What does it cost to tackle big data? Do you need to make a major investment to build a high-performance architecture? The short answer is no. For a longer explanation, I’m going to start with a question from a comment on one of my earlier posts.
On the post, What kind of big data problem do you have? a reader asks:
You mention that the four types in the quadrant each do different things and they each require different architectures. Could you please elaborate that a little? And what should be the best way for a company to move from lower right quadrant to upper left quadrant considering the costs? Would appreciate your insight.
The first part of the answer is that you should think about what it is you’re trying to accomplish with your decision making, and what challenges you are trying to overcome with your infrastructure. Ask yourself what is driving your move from one stage to the next:
- Is it the fact that information’s not accessible?
- Are you moving from analyzing past activity to predicting future activity?
- Or are you just taking too long to process data and finding it hard to get results in a timely fashion?
If you are satisfied with your BI architecture but realize that your data is growing and you need quicker response times, then you should look at architectures to support quicker extraction of data. Believe it or not, upgrading your architecture to increase throughput and improve speed to decision making is no longer an expensive proposition.
The architectures are actually similar in the lower right, upper left and upper right quadrants. The lower left is a more traditional BI architecture: You have a database and a query and reporting tool that sits on top of it. You may get reasonable response times but as your data grows and you want to reduce response times, you’re moving to the lower right quadrant. To cut the response time, you have to start looking at significant changes in your architecture.
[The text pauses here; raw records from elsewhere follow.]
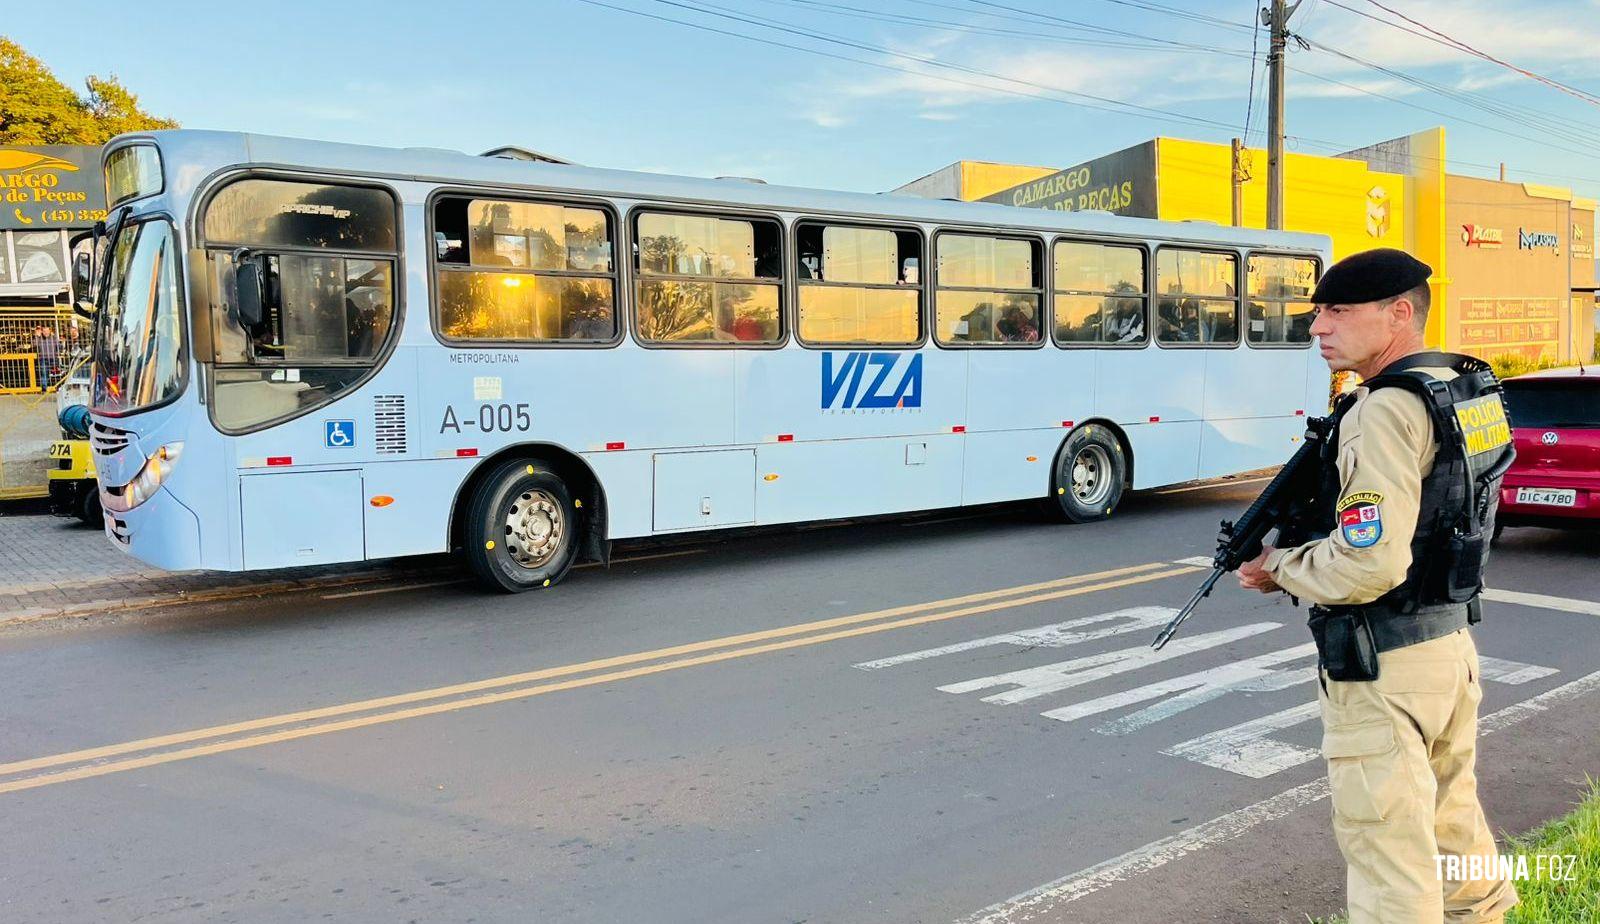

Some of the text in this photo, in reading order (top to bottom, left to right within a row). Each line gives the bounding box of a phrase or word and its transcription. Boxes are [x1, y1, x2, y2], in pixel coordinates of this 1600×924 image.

[6, 188, 28, 201] de
[33, 188, 86, 206] Peças
[1013, 168, 1091, 207] CAMARGO
[41, 209, 75, 223] (45)
[450, 353, 520, 364] METROPOLITANA
[821, 352, 923, 409] VIZA
[439, 403, 531, 434] A-005
[1458, 400, 1504, 431] POLÍCIA
[1466, 422, 1509, 454] MILITAR
[1519, 492, 1572, 504] DIC-4780
Today, when we talk about upgrading your architecture for these purposes, we’re not talking about expanding mainframe capital, building more databases or adding large UNIX servers. Instead, we’re talking about a blade architecture based on commodity hardware that is relatively inexpensive. With that change, increased performance by 1,000 times is not unusual.
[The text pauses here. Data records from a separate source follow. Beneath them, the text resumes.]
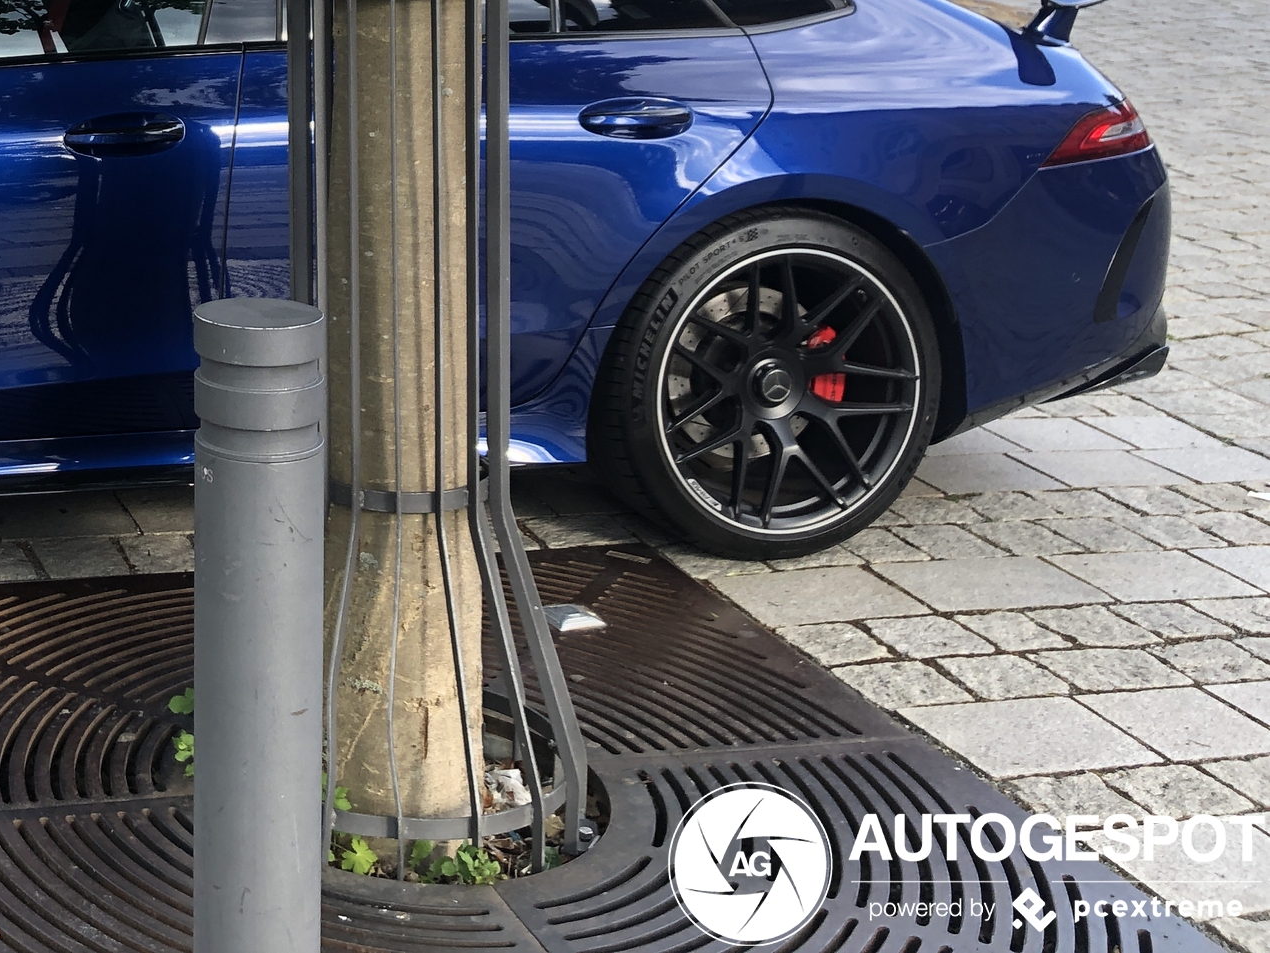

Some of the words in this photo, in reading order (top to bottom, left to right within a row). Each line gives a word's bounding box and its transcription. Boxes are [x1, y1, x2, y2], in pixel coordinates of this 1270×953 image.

[678, 262, 700, 286] PILOT
[703, 241, 731, 263] SPORT
[632, 293, 674, 400] MICHELIN
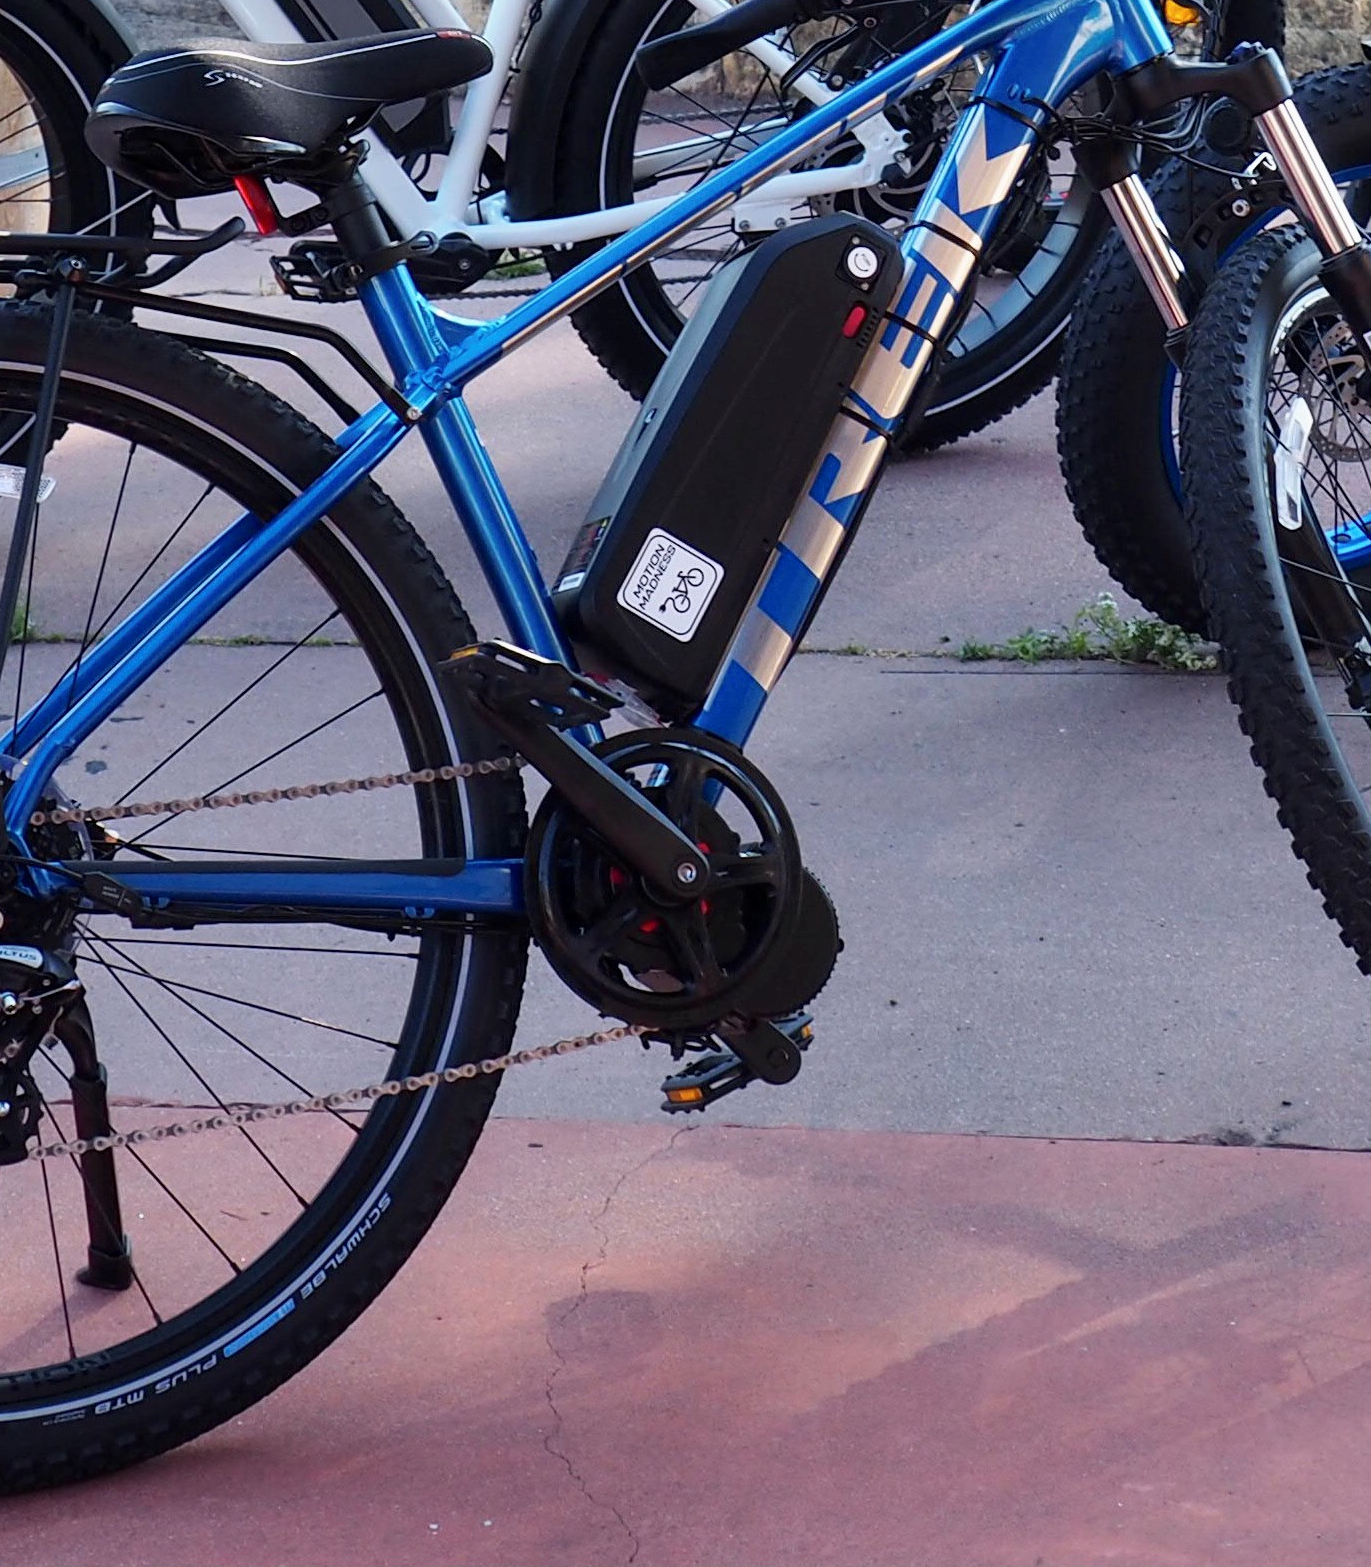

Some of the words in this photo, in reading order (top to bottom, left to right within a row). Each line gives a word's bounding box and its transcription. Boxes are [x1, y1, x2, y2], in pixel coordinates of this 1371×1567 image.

[703, 112, 1033, 710] TREK
[632, 543, 666, 599] MOTION
[638, 544, 677, 611] MADNESS
[300, 1191, 392, 1300] SCHWALBE
[94, 1388, 145, 1415] MTB
[154, 1353, 218, 1395] PLUS
If you want to start small but see tremendous gains in performance, there’s an affordable entry point in the lower right and upper left quadrants. That is the single-box approach based on a symmetric multiprocessing environment. You can have 50 users on a $10-20,000 box. It’s not a matter of jumping in all the way and spending a tremendous amount of money.
To decide between those two quadrants, you should look again at what your business is trying to accomplish. Do you want to get a jump on the competition by predicting future aspects of the business quickly? That’s where big analytics and big data analytics can provide the most benefit. They can offer predictive results in seconds instead of hours. When you’re looking for these types of answers, it’s not just a hardware or software issue. You also have to look at whether or not the business is capable of supporting that activity. Modelers and data scientists are needed. You can do it yourself, or host it in the cloud and partner with a vendor to develop and maintain the models. It’s the same blade architecture in the cloud and you can work with the vendor to bear the burden of the operational activity as opposed to buying and maintaining the hardware and models yourself.
The bottom line is that today’s architectures are making it easy to start doing big analytics in a relatively inexpensive way. You can start small, prove value and then work on spreading the results quickly throughout the organization. From there, you can begin to demonstrate what’s possible and build the groundswell to see what’s capable more broadly with big data and big analytics throughout the organization.